(Referring expression grounding data)

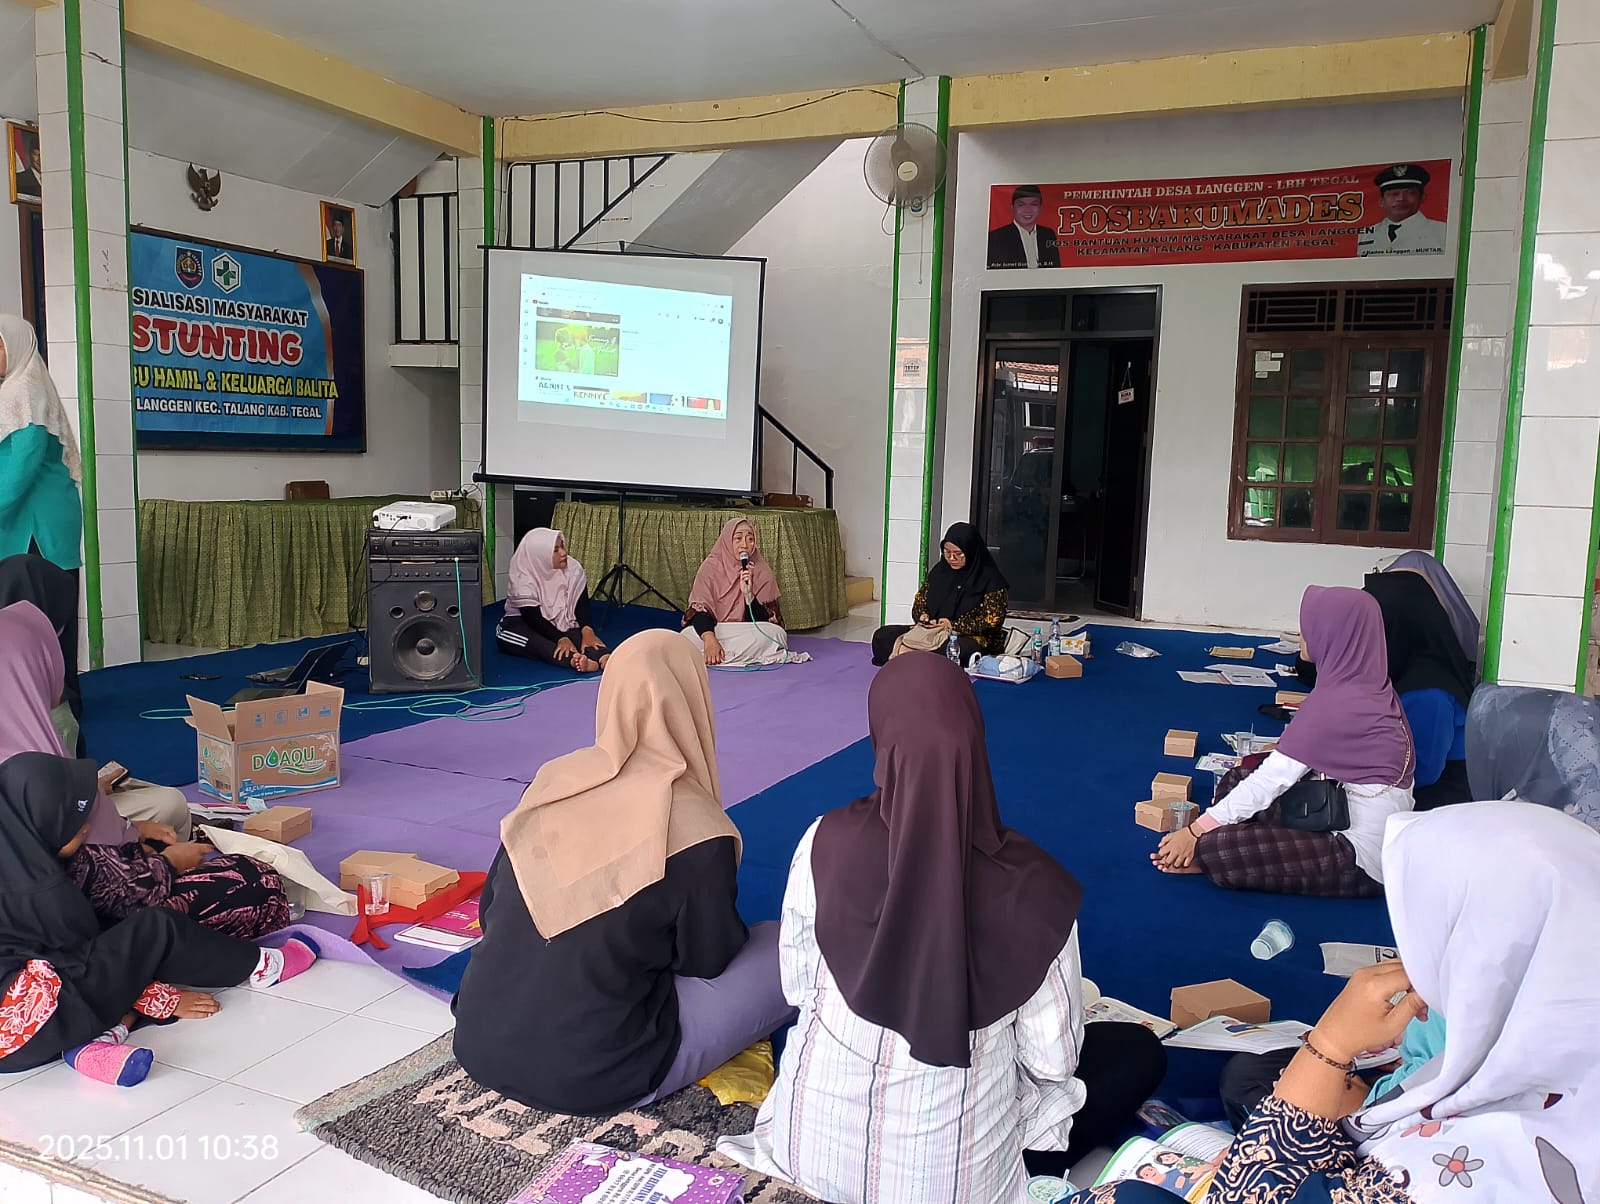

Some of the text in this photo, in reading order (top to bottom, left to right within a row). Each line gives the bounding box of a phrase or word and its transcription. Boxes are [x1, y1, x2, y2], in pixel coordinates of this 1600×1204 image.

[1064, 187, 1152, 200] PEMERINTAH
[1155, 185, 1192, 198] DESA
[1196, 182, 1264, 195] LANGGEN
[1277, 178, 1306, 191] LBH
[1310, 176, 1360, 188] TEGAL
[1058, 192, 1363, 235] POSBAKUMADES
[1046, 226, 1375, 248] POS BANTUAN HUKUM MASYARAKAT DESA LANGGEN
[1077, 238, 1337, 256] KECAMATAN TALANG KABUPATEN TEGAL
[133, 289, 308, 326] SIALISASI MASYARAKAT
[132, 314, 303, 364] STUNTING
[153, 367, 202, 391] HAMIL
[206, 371, 218, 389] &
[221, 372, 293, 396] KELUARGA
[296, 379, 339, 399] BALITA
[136, 398, 322, 418] LANGGEN KEC. TALANG KAB. TEGAL

- BRIEF -
Each line of the data needs to be output exactly, with any image excluded.

- FINISHED EXERCISE -
Some of the text in this photo, in reading order (top to bottom, left to right within a row). Each line gives the bounding box of a phrase or word and its transcription. Boxes are [x1, y1, x2, y2], in pixel coordinates of this 1600×1204 image.

[1064, 187, 1152, 200] PEMERINTAH
[1155, 185, 1192, 198] DESA
[1196, 182, 1264, 195] LANGGEN
[1277, 178, 1306, 191] LBH
[1310, 176, 1360, 188] TEGAL
[1058, 192, 1363, 235] POSBAKUMADES
[1046, 226, 1375, 248] POS BANTUAN HUKUM MASYARAKAT DESA LANGGEN
[1077, 238, 1337, 256] KECAMATAN TALANG KABUPATEN TEGAL
[133, 289, 308, 326] SIALISASI MASYARAKAT
[132, 314, 303, 364] STUNTING
[153, 367, 202, 391] HAMIL
[206, 371, 218, 389] &
[221, 372, 293, 396] KELUARGA
[296, 379, 339, 399] BALITA
[136, 398, 322, 418] LANGGEN KEC. TALANG KAB. TEGAL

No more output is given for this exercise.